As reported by the Associated Press, and carried by the Washington Post, one major move toward normalized relations between Cuba and the United States has been made not by diplomats, but by entrepreneurs. Airbnb has opened its crowd-sourced roomfinding service to Cubans and Americans, such that American tourists visiting Havana can book space in private homes — as of today. From the article: “We believe that Cuba could become one of Airbnb’s biggest markets in Latin America,” said Kay Kuehne, regional director for Airbnb, the website and mobile app that allows users to book rooms in more than 1 million private homes around the world. “We are actually plugging into an existing culture of micro-enterprise in Cuba. The hosts in Cuba have been doing for decades what we just started doing seven years ago. ... Because of continuing restrictions under the U.S. embargo, the company’s Cuba listing will only be available to U.S. travelers visiting under one of 12 U.S.-government approved categories of legal travel, ranging from professional research to religious activities.”

41 comments

  1. I'm OK to go by Anonymous Coward · · Score: 5, Insightful

    "ranging from professional research to religious activities.”

    As an Atheist I go there for the following religious activities.
    Not praying
    Not going to mass

  2. Casa Particulars by Malc · · Score: 5, Informative

    Cuba is easy to travel around. Reserve a room in a casa particular in Havana before you arrive, or just turn up. After that, the owners will just call ahead where ever you want to go and help you out. Or take your chances and just turn up and see what you find.

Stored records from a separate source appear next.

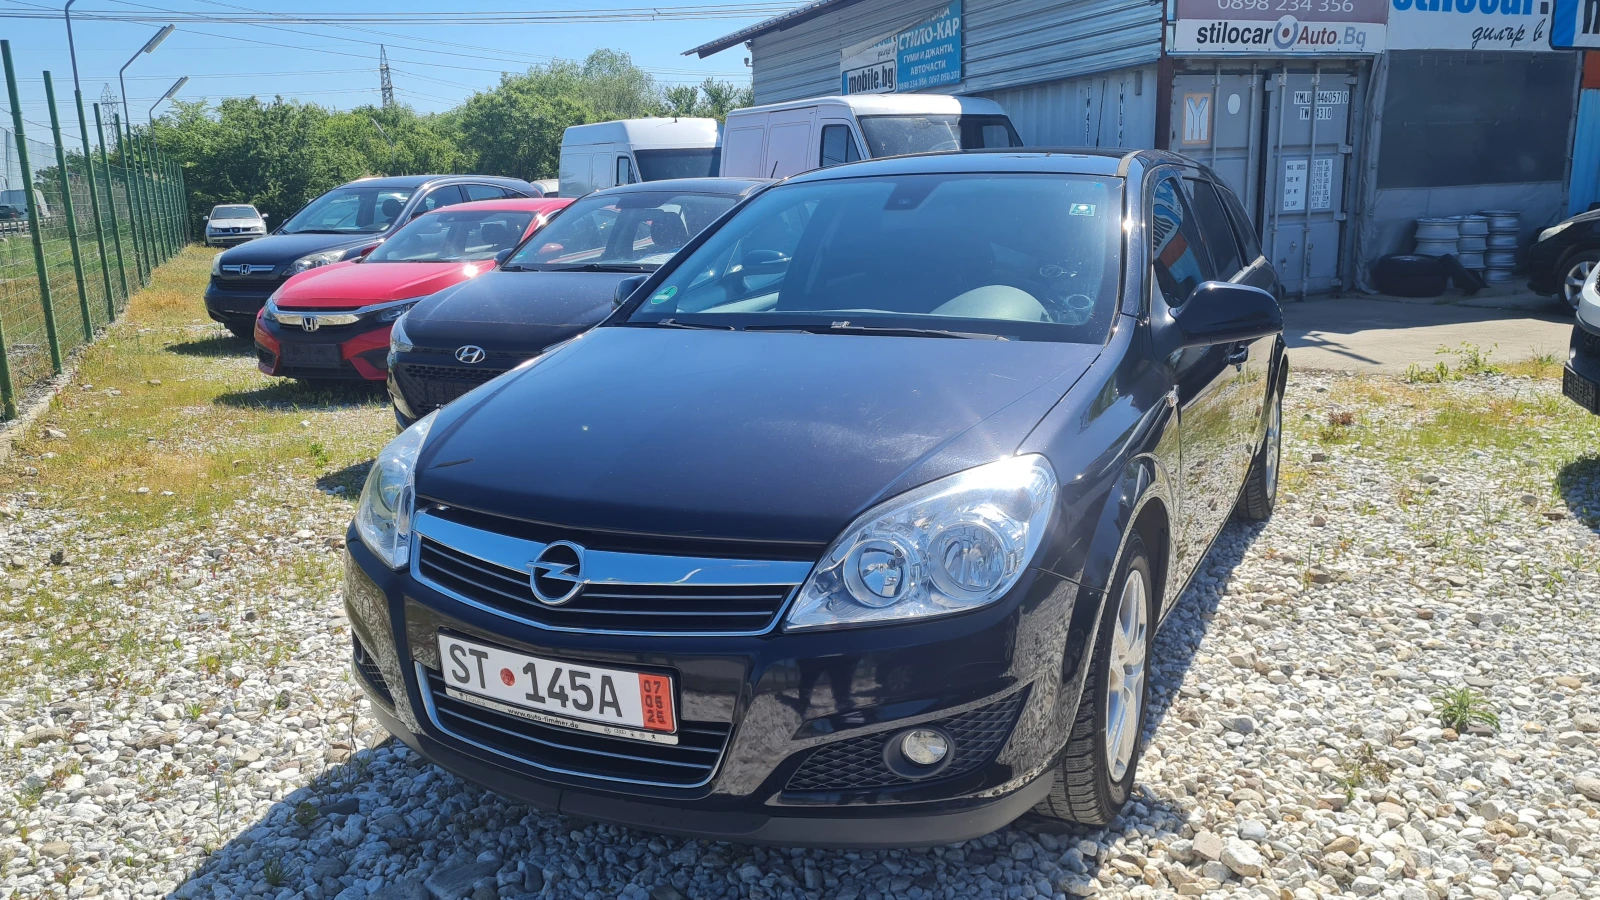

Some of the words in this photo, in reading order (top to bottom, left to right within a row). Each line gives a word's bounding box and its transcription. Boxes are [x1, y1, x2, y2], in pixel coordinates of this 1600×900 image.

[899, 17, 960, 50] СТИЛО-КАР
[1196, 22, 1272, 44] stilocar
[903, 52, 919, 64] ГУМИ
[910, 59, 946, 76] АВТОЧАСТИ
[849, 65, 894, 94] mobile.bg
[1295, 92, 1312, 104] YMLU
[1300, 107, 1310, 119] TW
[449, 643, 489, 690] ST
[522, 661, 623, 718] 145A
[643, 680, 661, 694] 07
[645, 694, 663, 709] 05
[647, 709, 667, 724] 25
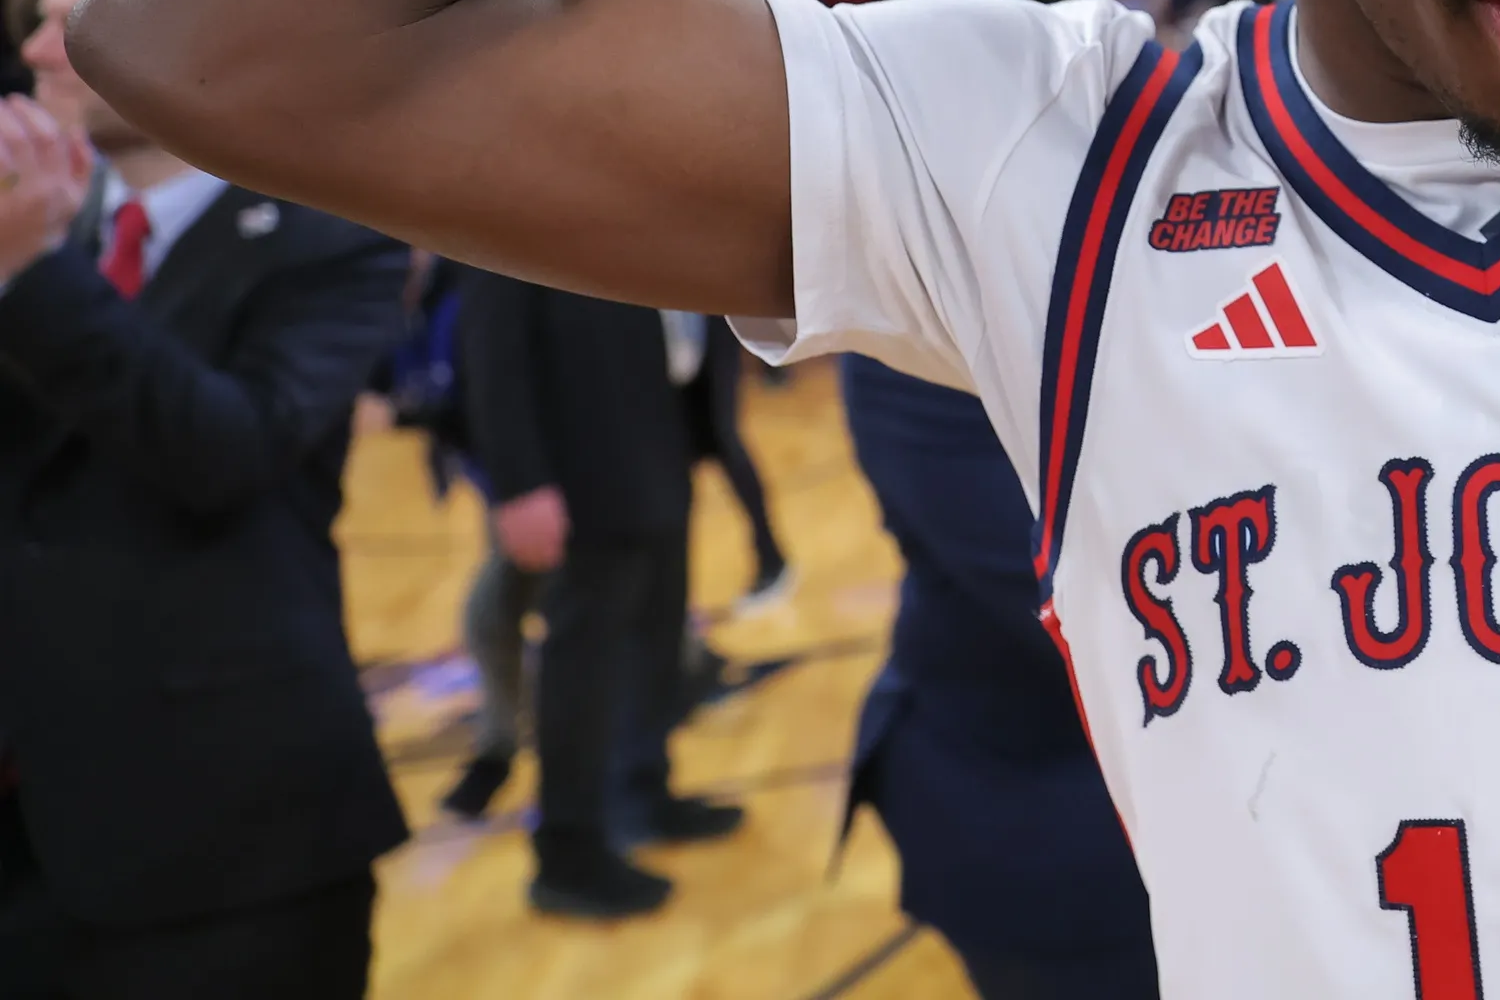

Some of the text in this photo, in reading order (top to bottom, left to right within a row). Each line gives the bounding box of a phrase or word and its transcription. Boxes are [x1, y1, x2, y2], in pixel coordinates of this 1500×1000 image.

[1167, 188, 1278, 222] BE THE
[1150, 214, 1278, 250] CHANGE
[1121, 484, 1302, 727] ST.
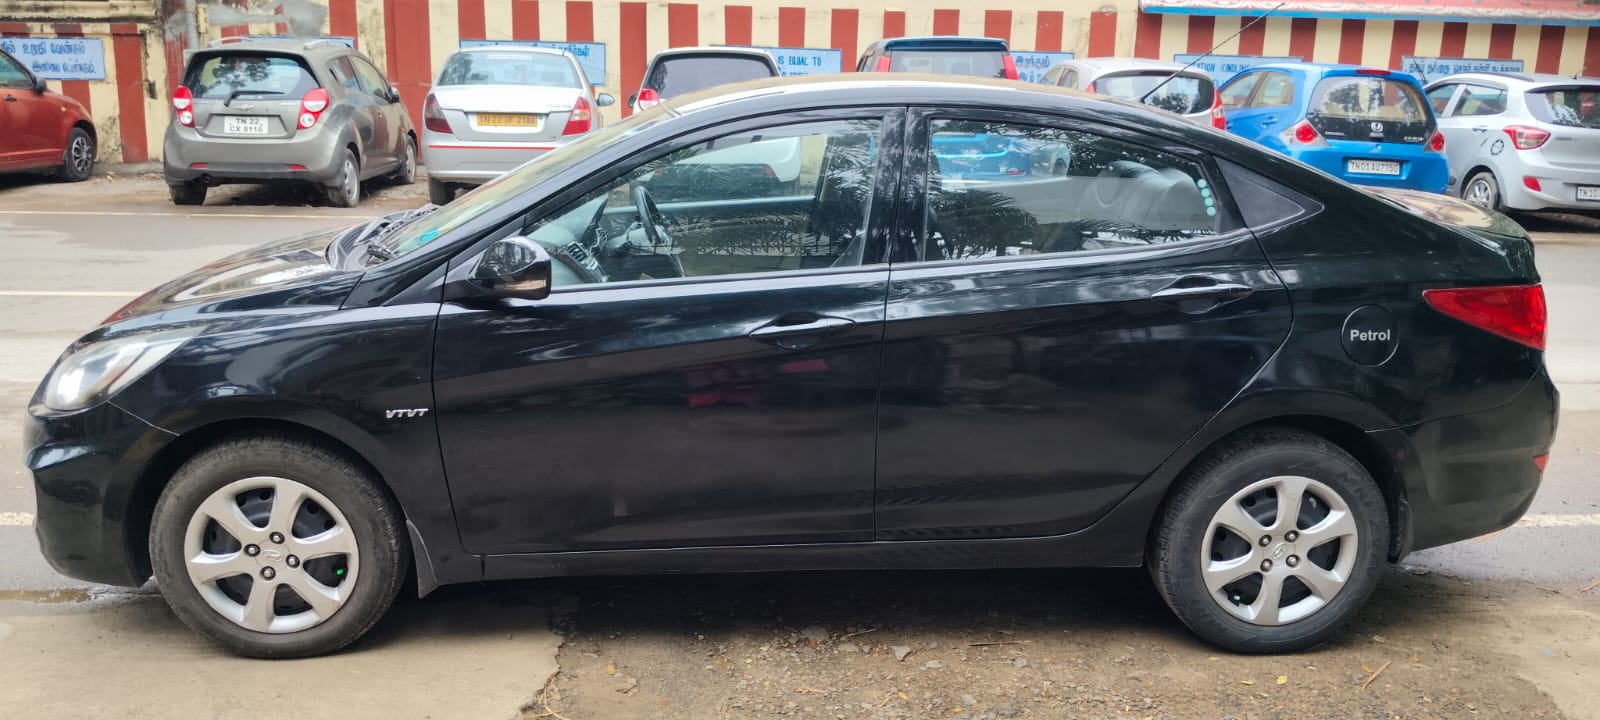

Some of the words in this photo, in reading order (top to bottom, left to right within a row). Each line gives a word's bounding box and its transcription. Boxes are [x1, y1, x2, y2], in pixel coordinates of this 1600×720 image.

[788, 56, 809, 66] EQUAL
[812, 57, 822, 66] TO
[1350, 329, 1391, 341] Petrol
[385, 408, 429, 418] VTVT

    I loved Cuba, but accessing Internet wasn't much fun (my mobile phone company charged through the nose, and the equiv of USD$10/hr at one of the rare internet cafes that barely worked wasn't worth it. Go to Cuba and enjoy the music, interacting with people and being generally unplugged.

    1. Re:Casa Particulars by Anonymous Coward · · Score: 0

      Yep, heck even staying at an all inclusive about 8 years back we went out and did this for a couple of nights, you really get the local flavour (depending on where you end up of course).

      Before the gov't clued in we used to bring USB sticks, almost better than money (2 USB sticks = box of Havanas, at least back in 2004)

      ahh good memories

    2. Re:Casa Particulars by boristdog · · Score: 1

      Funny you should mention Internet access with AirBNB, and how much you enjoyed being unplugged.

      I rent a cabin on my property through AirBNB. It's out in the country 30 miles from the nearest city. It has no Internet, and it's in a valley so there is no TV reception, though I supply a DVD player and about a hundred DVDs. About half my guests (generally the younger generations) complain about the lack of internet and TV on the first day. When they leave a couple days later they always tell me how refreshing and nice it was to be truly unplugged and out of contact with the world for a few days. EVERY one of the people who complained at first has told me how much they ended up enjoying being unplugged.

      So my advice to you kids who have grown up with cell phones, internet, etc. is to give being unplugged for a while a try. It's amazingly relaxing.

  3. Good thing by nospam007 · · Score: 4, Insightful

    A good method to get some money into the population instead of greasing the Administration and rich hotel moguls.

    1. Re:Good thing by gstoddart · · Score: 1

      One of the problems Cuba still faces, and will continue to do, is not everybody gets anywhere near that money.

      Some of the people who work on resorts probably bring in more in tips in a few days than most Cubans will make in a month.

      The people who own cabs and the like probably do pretty well.

      But you can quickly get to the people who even by Cuban standards are barely scraping by, and are essentially just begging from the tourists.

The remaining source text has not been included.